There are four phases marking the procedure of collective recovery actions: an admissibility/filtering phase, a negotiation phase, the litigation phase and, finally, the enforcement phase aimed at distributing the compensation awarded among the consumer members of the group, via a judicial liquidator.
A new directive on representative actions for the protection of the collective interests of consumers was adopted on 25 November 202066 and should be transposed into the Member States' legal systems by 25 December 2022. It introduces a model for collective actions that will be harmonised on numerous elements and will constitute a step forward. The new rules should enter into force by 25 June 2023. It remains to be seen whether this new piece of legislation will boost collective actions in Belgium.

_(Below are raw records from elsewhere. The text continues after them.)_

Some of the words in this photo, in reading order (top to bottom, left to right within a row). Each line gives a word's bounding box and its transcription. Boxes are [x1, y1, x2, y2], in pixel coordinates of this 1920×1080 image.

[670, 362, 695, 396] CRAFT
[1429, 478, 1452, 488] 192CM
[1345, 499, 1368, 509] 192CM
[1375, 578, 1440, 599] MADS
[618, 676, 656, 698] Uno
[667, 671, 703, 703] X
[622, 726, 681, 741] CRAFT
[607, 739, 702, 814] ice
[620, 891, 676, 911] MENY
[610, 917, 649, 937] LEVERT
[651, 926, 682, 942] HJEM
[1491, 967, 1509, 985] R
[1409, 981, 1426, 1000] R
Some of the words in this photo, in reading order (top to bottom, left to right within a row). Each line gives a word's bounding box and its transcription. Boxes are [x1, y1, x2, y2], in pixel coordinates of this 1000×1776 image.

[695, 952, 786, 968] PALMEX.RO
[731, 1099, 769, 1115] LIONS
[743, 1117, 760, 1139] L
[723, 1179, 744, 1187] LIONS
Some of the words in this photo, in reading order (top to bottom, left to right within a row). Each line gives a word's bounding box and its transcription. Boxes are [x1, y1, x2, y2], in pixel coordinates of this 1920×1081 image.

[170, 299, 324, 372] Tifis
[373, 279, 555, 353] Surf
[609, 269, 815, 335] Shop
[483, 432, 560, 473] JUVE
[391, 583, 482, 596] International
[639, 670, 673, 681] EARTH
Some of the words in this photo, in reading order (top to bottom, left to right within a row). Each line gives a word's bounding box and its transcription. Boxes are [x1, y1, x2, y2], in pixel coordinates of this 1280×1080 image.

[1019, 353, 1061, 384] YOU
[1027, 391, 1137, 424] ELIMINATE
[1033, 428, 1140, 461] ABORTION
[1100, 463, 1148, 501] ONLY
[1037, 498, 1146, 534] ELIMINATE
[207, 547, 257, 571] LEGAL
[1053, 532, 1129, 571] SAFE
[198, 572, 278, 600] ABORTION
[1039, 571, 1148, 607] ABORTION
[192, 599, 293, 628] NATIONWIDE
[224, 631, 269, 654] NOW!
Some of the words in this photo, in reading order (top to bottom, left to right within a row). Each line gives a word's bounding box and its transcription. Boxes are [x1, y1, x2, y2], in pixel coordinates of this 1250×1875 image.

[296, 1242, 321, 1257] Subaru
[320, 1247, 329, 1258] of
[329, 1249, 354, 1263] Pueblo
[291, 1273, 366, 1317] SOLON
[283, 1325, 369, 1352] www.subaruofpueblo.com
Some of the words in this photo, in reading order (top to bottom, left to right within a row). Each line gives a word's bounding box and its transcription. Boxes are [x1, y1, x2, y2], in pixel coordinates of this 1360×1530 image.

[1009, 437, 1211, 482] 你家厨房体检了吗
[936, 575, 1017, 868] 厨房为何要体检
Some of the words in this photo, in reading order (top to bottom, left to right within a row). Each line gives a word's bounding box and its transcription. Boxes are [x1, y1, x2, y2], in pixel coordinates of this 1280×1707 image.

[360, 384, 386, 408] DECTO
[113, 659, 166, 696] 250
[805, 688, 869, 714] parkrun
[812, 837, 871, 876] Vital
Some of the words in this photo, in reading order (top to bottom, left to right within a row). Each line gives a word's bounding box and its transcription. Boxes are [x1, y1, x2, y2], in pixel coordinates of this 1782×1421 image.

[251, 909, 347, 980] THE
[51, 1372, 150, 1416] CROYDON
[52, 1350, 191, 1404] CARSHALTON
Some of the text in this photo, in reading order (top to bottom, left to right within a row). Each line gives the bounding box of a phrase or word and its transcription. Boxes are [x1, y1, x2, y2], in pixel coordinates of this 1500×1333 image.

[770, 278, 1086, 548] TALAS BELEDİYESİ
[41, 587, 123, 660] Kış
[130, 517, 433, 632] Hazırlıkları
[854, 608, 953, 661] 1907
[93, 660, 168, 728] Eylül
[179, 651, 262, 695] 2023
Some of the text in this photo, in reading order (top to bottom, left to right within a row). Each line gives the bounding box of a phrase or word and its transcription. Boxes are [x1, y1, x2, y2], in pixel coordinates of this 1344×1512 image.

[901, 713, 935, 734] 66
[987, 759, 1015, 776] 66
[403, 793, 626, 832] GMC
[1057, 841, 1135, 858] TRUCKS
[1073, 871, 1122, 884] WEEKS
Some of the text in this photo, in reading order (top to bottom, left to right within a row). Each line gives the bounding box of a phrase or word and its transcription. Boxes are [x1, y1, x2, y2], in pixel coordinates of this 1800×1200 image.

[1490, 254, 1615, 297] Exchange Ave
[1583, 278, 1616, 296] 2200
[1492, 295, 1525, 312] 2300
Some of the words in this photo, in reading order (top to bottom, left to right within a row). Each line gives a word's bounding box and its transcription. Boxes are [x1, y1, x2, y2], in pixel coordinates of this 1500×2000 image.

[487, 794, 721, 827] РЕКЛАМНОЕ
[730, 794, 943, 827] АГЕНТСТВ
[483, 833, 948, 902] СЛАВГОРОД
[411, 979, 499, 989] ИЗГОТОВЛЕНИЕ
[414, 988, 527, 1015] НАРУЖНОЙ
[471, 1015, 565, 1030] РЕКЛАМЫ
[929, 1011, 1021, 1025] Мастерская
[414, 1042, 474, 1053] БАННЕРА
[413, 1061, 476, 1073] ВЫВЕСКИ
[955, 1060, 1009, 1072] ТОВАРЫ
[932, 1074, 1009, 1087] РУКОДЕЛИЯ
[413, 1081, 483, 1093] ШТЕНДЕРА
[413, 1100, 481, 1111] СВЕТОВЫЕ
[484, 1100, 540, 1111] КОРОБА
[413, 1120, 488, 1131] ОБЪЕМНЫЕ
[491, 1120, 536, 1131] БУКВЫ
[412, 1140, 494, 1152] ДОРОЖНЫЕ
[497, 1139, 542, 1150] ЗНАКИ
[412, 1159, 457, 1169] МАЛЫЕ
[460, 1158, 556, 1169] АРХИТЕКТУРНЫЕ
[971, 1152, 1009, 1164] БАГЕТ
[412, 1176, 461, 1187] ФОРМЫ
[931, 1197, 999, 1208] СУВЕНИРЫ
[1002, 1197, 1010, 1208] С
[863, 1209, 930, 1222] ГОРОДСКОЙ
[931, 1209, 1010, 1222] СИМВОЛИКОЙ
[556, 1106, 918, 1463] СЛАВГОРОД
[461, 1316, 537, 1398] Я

In accordance with general rules of Belgian tort law, claimants may be awarded damages if they demonstrate the following three conditions: there is a fault attributable to the defendant; the claimant suffers damage; and there is a causal link between the fault and the damage.
Several presumptions may help victims of competition law infringements to prove these three conditions. With regard to the existence of a fault, Belgian law provides that an infringement of competition rules established by a definitive decision of the European Commission67 or the BCA – or by a judgment of the Brussels Court of Appeal ruling on an appeal against a BCA decision – may not be subsequently contested by the defendant in an action for damages.68 Further, if the decision establishing the infringement originates from another Member State, the decision is prima facie evidence of a competition law infringement.69 With regard to the existence of damage, it is presumed under Belgian law that cartel infringements cause harm, but the infringer has the right to rebut that presumption.70 This presumption covers the existence of the damages only, not the amount.71 Further, Belgian law provides for specific presumptions with regard to passing-on arguments raised in proceedings involving direct and indirect purchasers (see Section IX).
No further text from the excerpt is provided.